What to do
Without the pictures, set down every record below exactly as it reads.

START Material provided

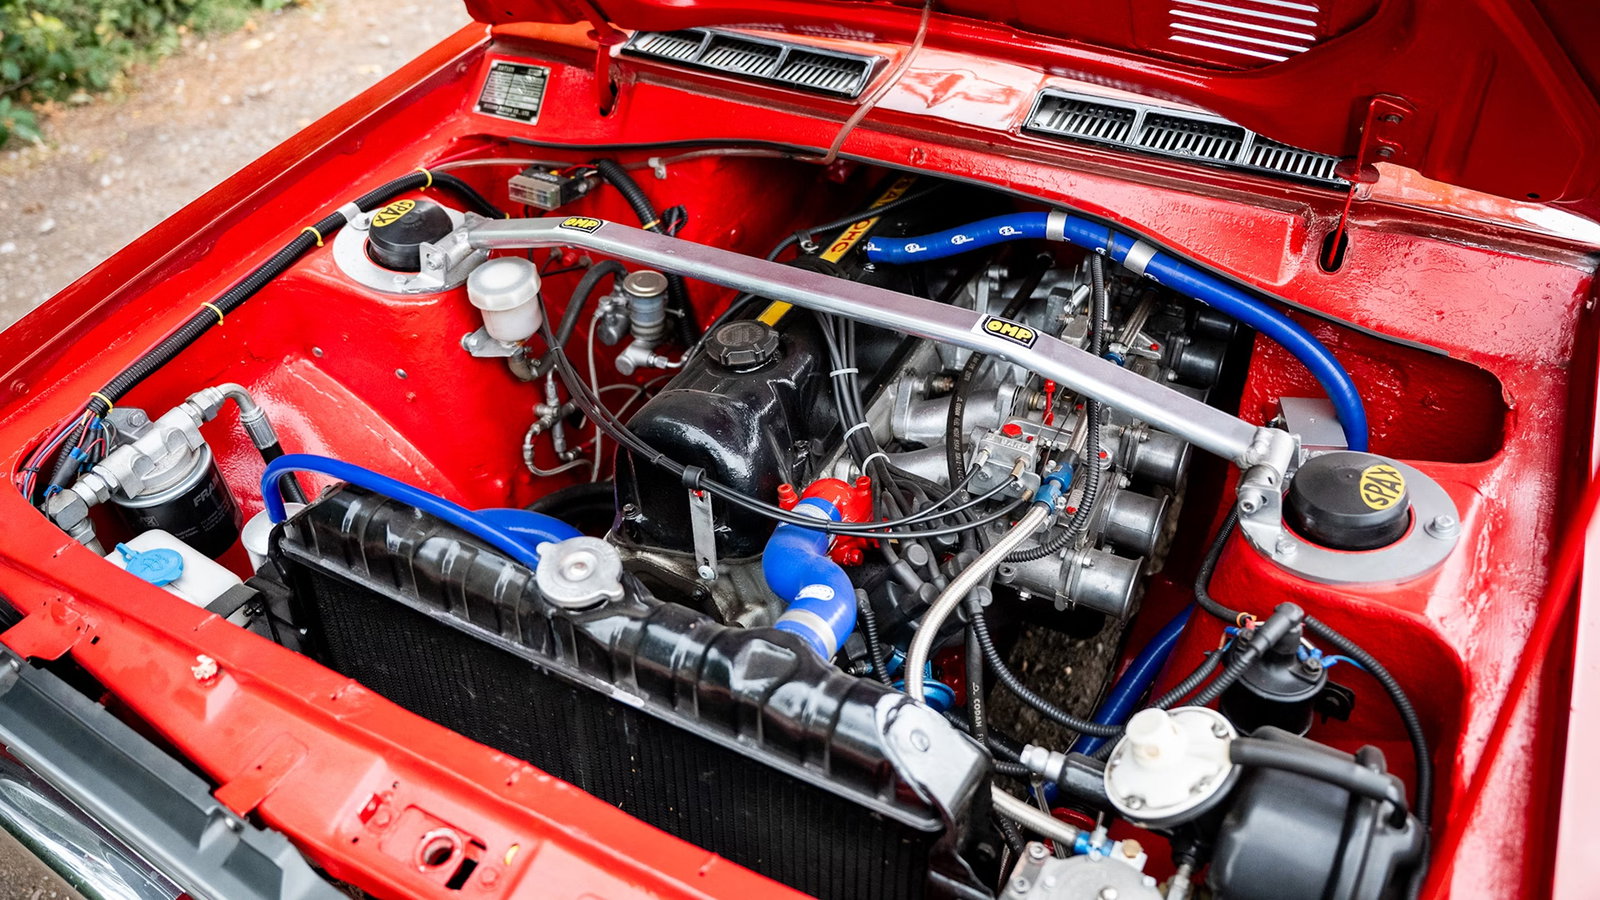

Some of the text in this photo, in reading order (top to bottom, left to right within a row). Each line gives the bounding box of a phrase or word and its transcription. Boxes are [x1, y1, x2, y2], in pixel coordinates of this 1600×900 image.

[563, 217, 599, 228] OMP
[986, 320, 1033, 340] OMP
[1363, 467, 1402, 506] SPAX
[974, 698, 982, 727] CODAN

END Material provided

Response area
Some of the text in this photo, in reading order (top to bottom, left to right within a row). Each line gives the bounding box of a phrase or word and its transcription. Boxes are [x1, y1, x2, y2], in pixel coordinates of this 1600×900 image.

[563, 217, 599, 228] OMP
[986, 320, 1033, 340] OMP
[1363, 467, 1402, 506] SPAX
[974, 698, 982, 727] CODAN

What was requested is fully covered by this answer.